(Records excerpted from a collection)

******

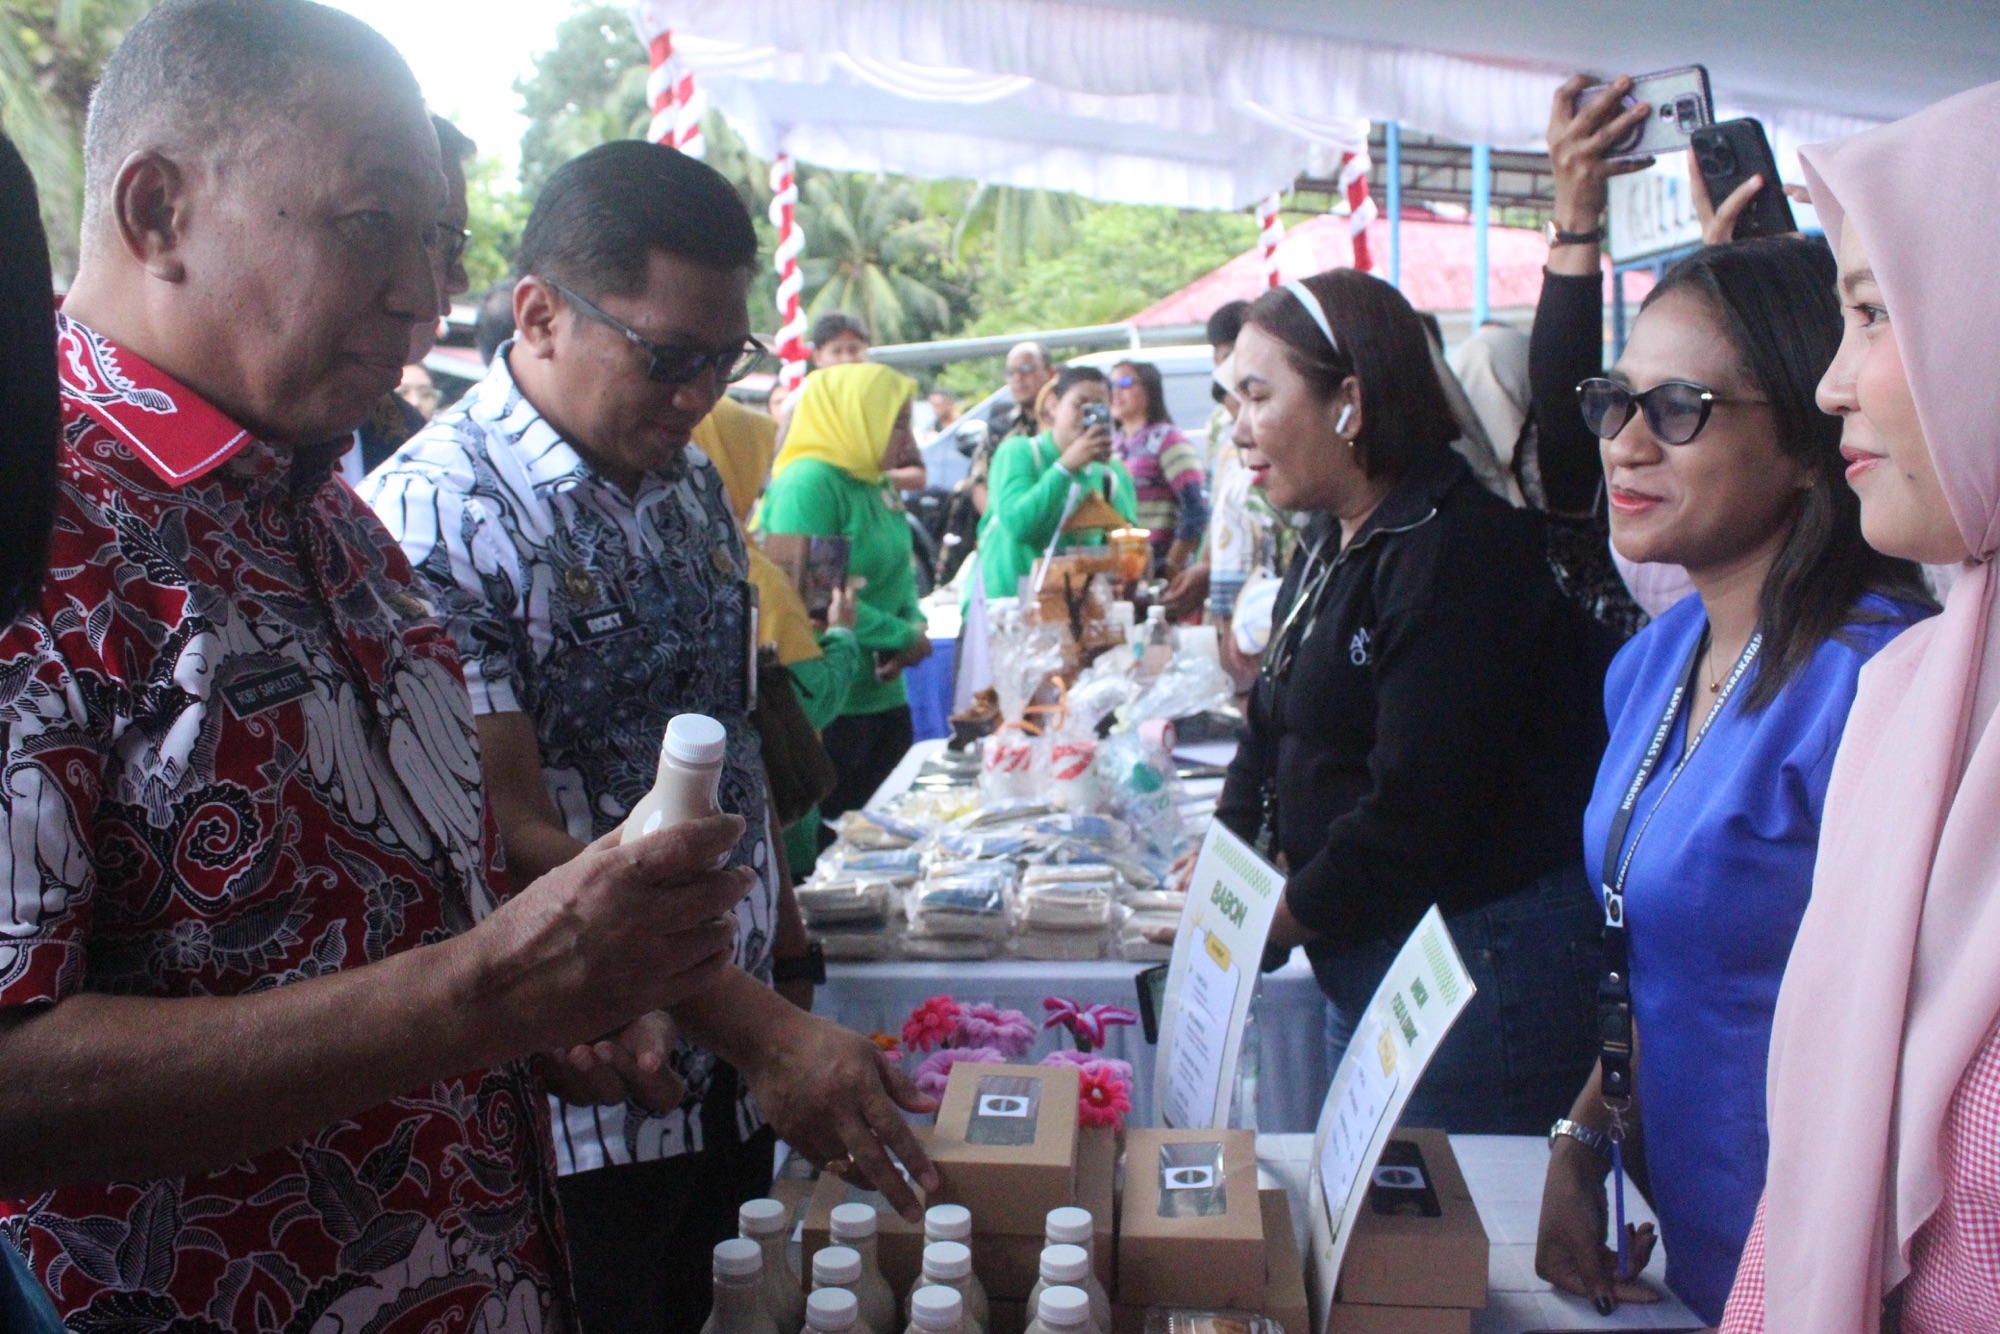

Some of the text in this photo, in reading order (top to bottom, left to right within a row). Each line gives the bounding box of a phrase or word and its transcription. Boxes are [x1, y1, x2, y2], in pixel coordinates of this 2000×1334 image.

[1664, 686, 1684, 721] BAPAS
[1648, 724, 1668, 757] KELAS
[1621, 770, 1646, 811] AMBON
[1210, 879, 1248, 929] BABON
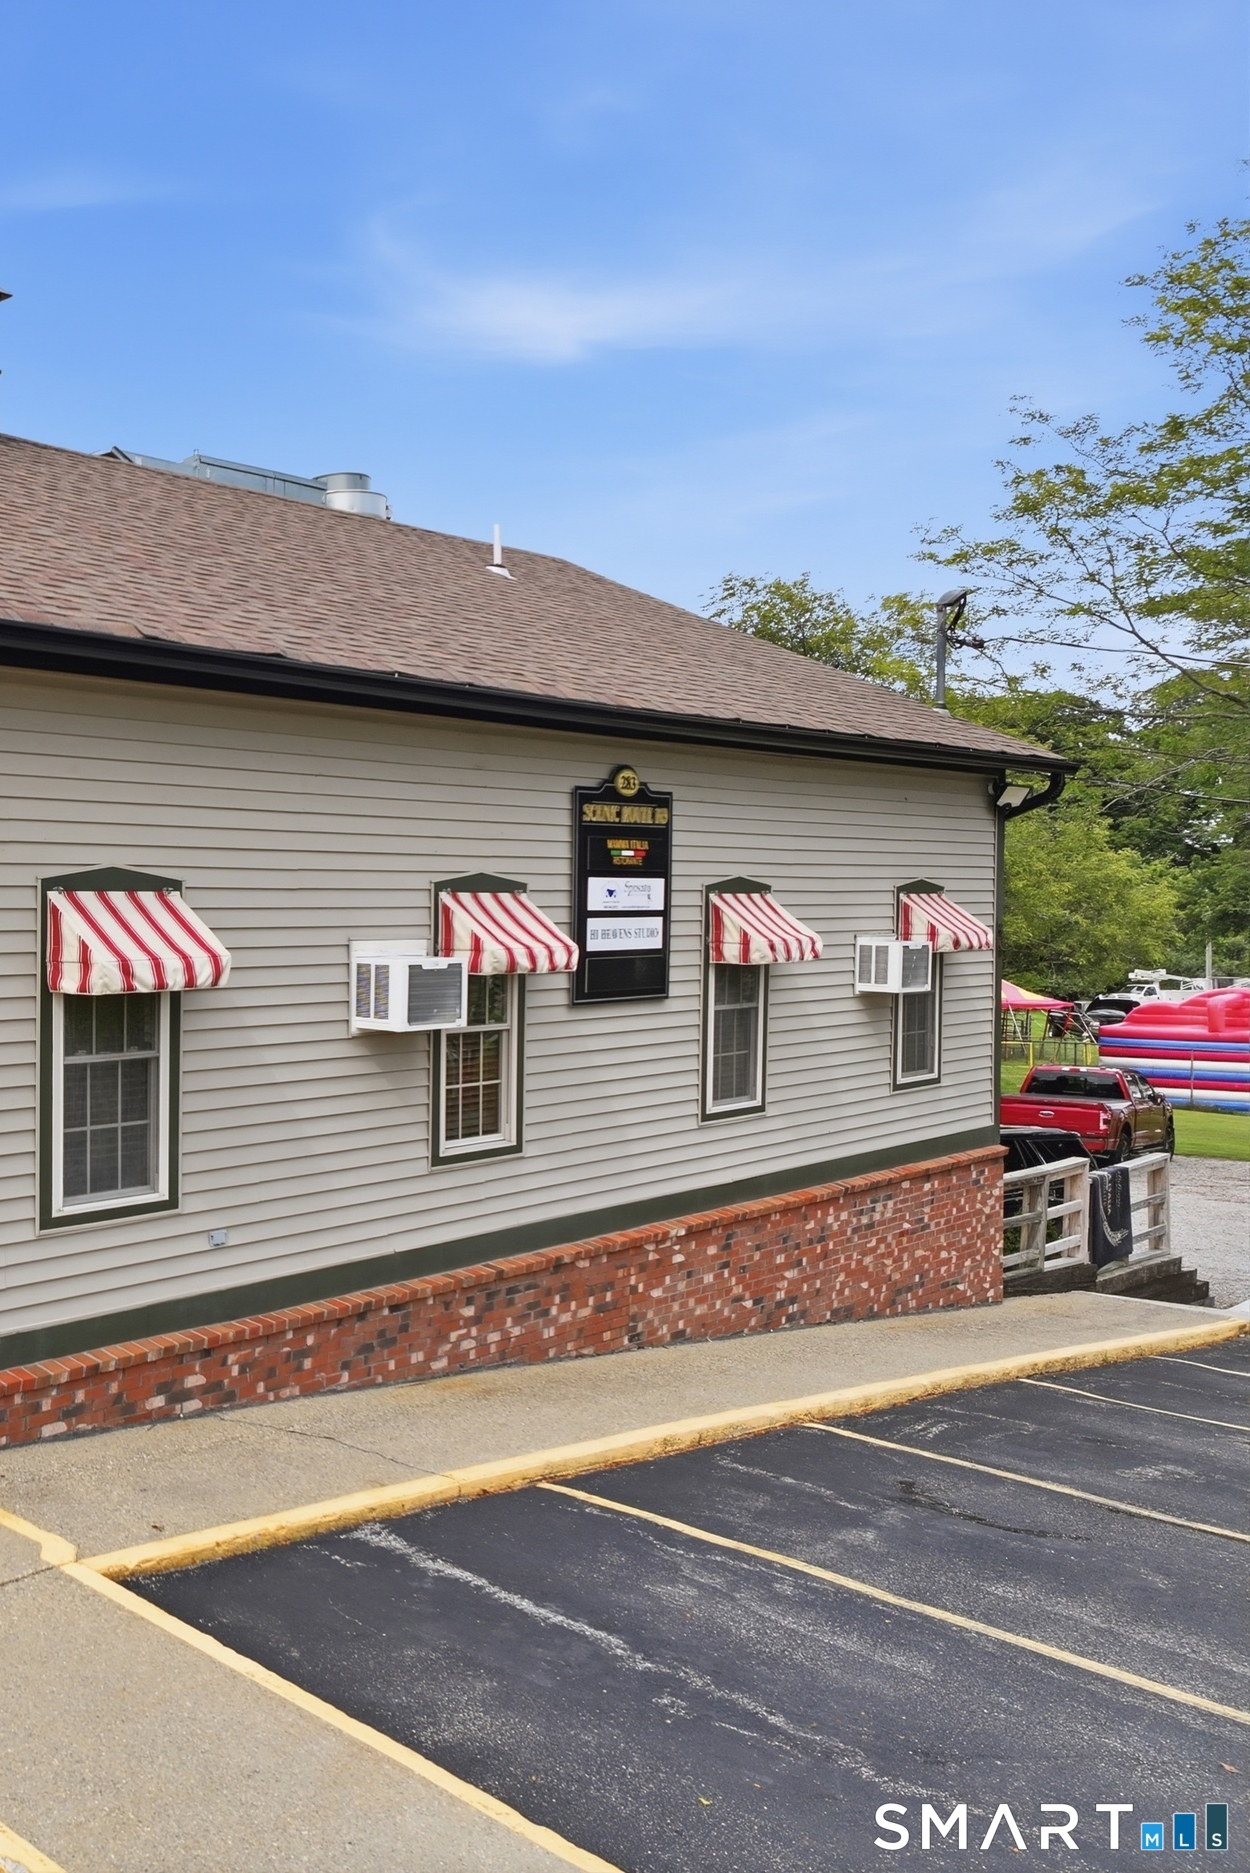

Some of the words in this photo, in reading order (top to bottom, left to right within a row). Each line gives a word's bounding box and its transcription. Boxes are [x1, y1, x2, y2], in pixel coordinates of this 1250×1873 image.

******

● Your instructions
From the first line to the last, repeat the records exactly, leaving out the pictures.

● Solution for this problem
Some of the text in this photo, in reading order (top to bottom, left to right within a row). Each line gives the bounding box of a phrase or word and its transcription. Boxes are [x1, y1, x2, y2], in pixel coordinates of this 2000×1334 image.

[1664, 686, 1684, 721] BAPAS
[1648, 724, 1668, 757] KELAS
[1621, 770, 1646, 811] AMBON
[1210, 879, 1248, 929] BABON

Some of the words in this photo, in reading order (top to bottom, left to right within a row). Each line gives a word's bounding box and its transcription. Boxes are [x1, y1, x2, y2], in pixel coordinates of this 1250×1873 image.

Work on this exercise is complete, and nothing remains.